I berlusconiani e i beneficiari del suo sistema di governo non si sentono ancora tanto forti da fare a meno di lui. Soprattutto perché ora lo tengono in pugno. Alzeranno il prezzo del loro sostegno. Un fatto è certo: il governo berlusconiano sopravviverà intensificando la contrattazione con due suoi punti di appoggio indispensabili. Uno interno, la Lega; l'altro esterno, la Chiesa. In un momento in cui il mondo cattolico è turbato e scandalizzato come non mai, in un momento in cui ha la chance di tradurre in politica la sua tanto decantata centralità nella «società civile», la gerarchia ecclesiastica avrà un ruolo oggettivamente ambiguo. Certo, nei prossimi giorni la sua voce si alzerà alta e forte, ma sarà rigorosamente impolitica. Come se le fortissime pressioni esercitate in questi anni sulla legislazione a proposito delle questioni bioetiche o sulla scuola cattolica non fossero politiche. In realtà presso alcuni influenti esponenti della gerarchia c'è la reticente volontà di mantenere in vita il governo «più compiacente verso la Chiesa», a costo di abbandonare alla frustrazione e all'impotenza quella rilevante parte del mondo cattolico che vorrebbe valorizzare in termini politici efficaci il soprassalto morale e civile di questi giorni. Invece il tutto si tradurrà in qualche nuovo favorevole patteggiamento del governo
Il paradosso è che la Chiesa si vanterà di svolgere il suo magistero morale senza interferire nella politica. Ma è una finzione.

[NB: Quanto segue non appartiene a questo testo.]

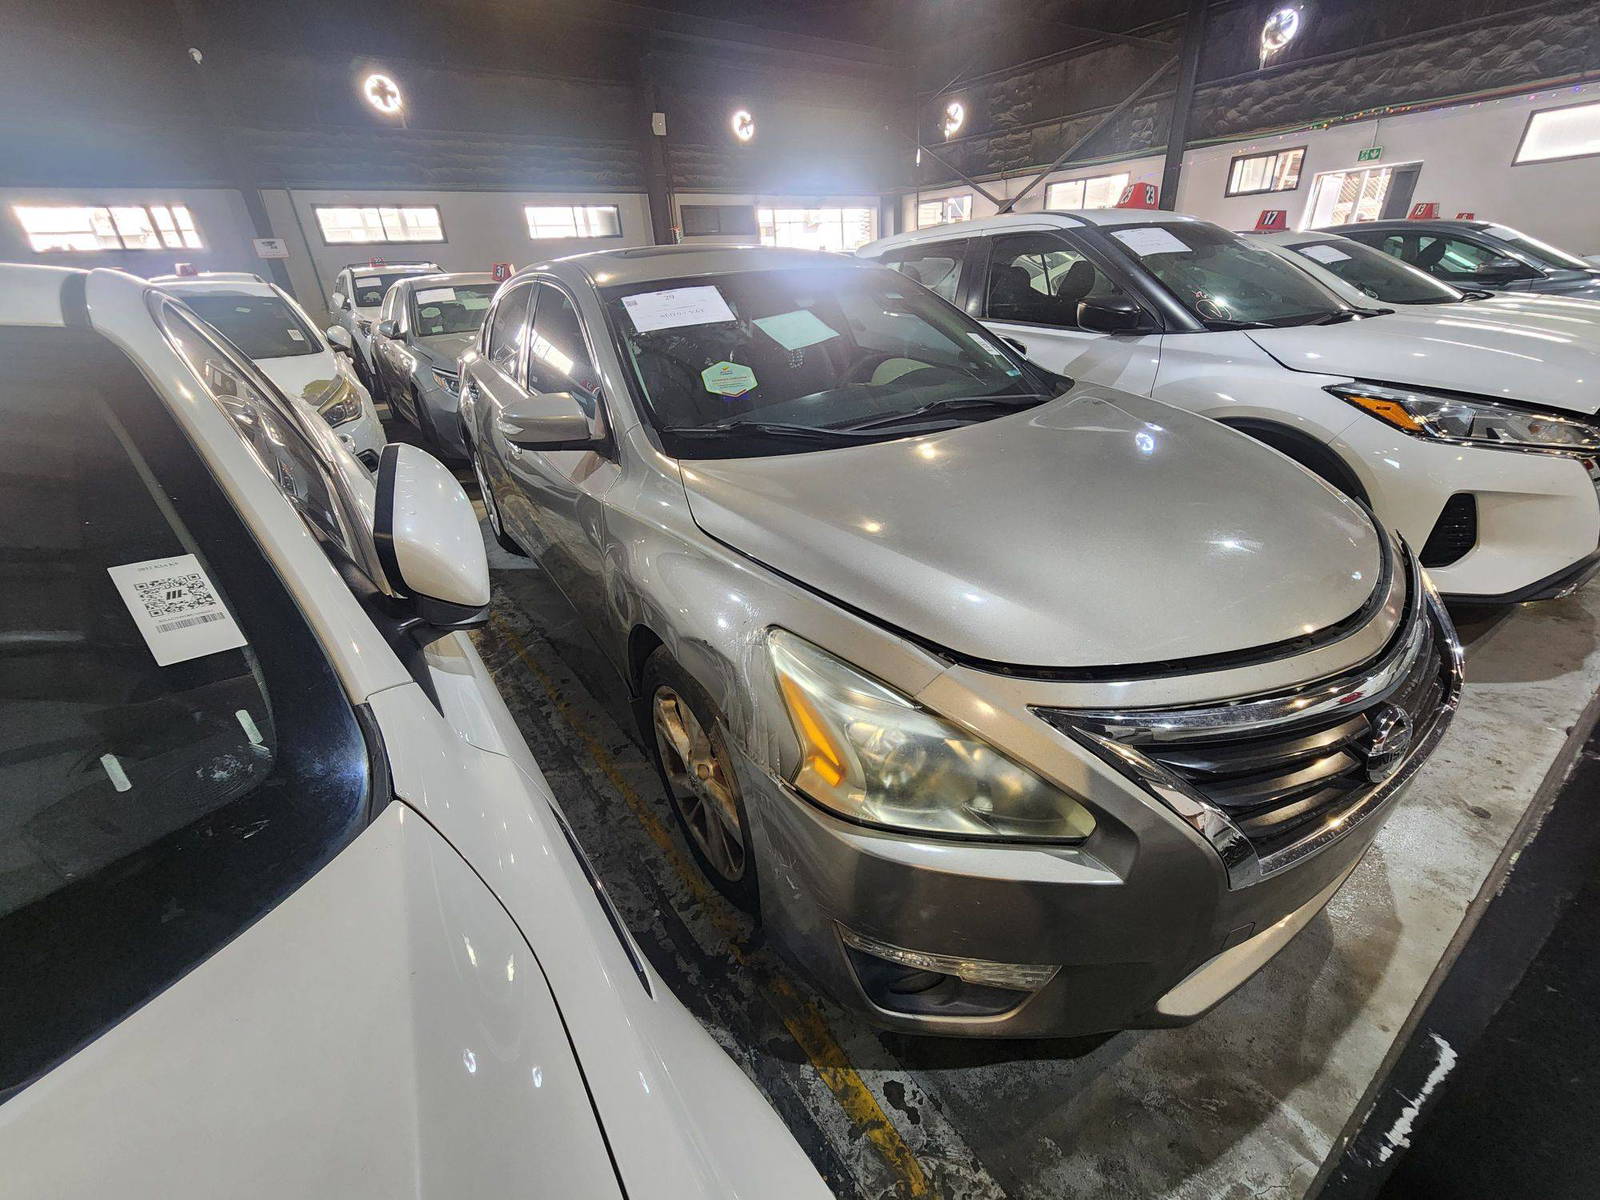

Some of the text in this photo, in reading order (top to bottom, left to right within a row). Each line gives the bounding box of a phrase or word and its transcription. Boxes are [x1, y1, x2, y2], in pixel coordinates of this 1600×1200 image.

[1146, 185, 1155, 205] 23
[1263, 211, 1279, 225] 17
[496, 265, 505, 278] 31

Al Nord una Lega nervosa e ricattatrice patteggia, a suon di concessioni fiscali e cedimenti simbolici con un governo debolissimo, per decidere quanta e quale nazione siamo ancora e saremo.
Bossi, che sta giocando la carta più difficile della sua carriera, gli ha detto in faccia di «riposarsi». Ci penserà lui a sistemare le cose, ormai da leader virtualmente nazionale: se il suo progetto federalista vuol avere un futuro, deve fare i conti non solo con il Terzo Polo ma con la stessa sinistra.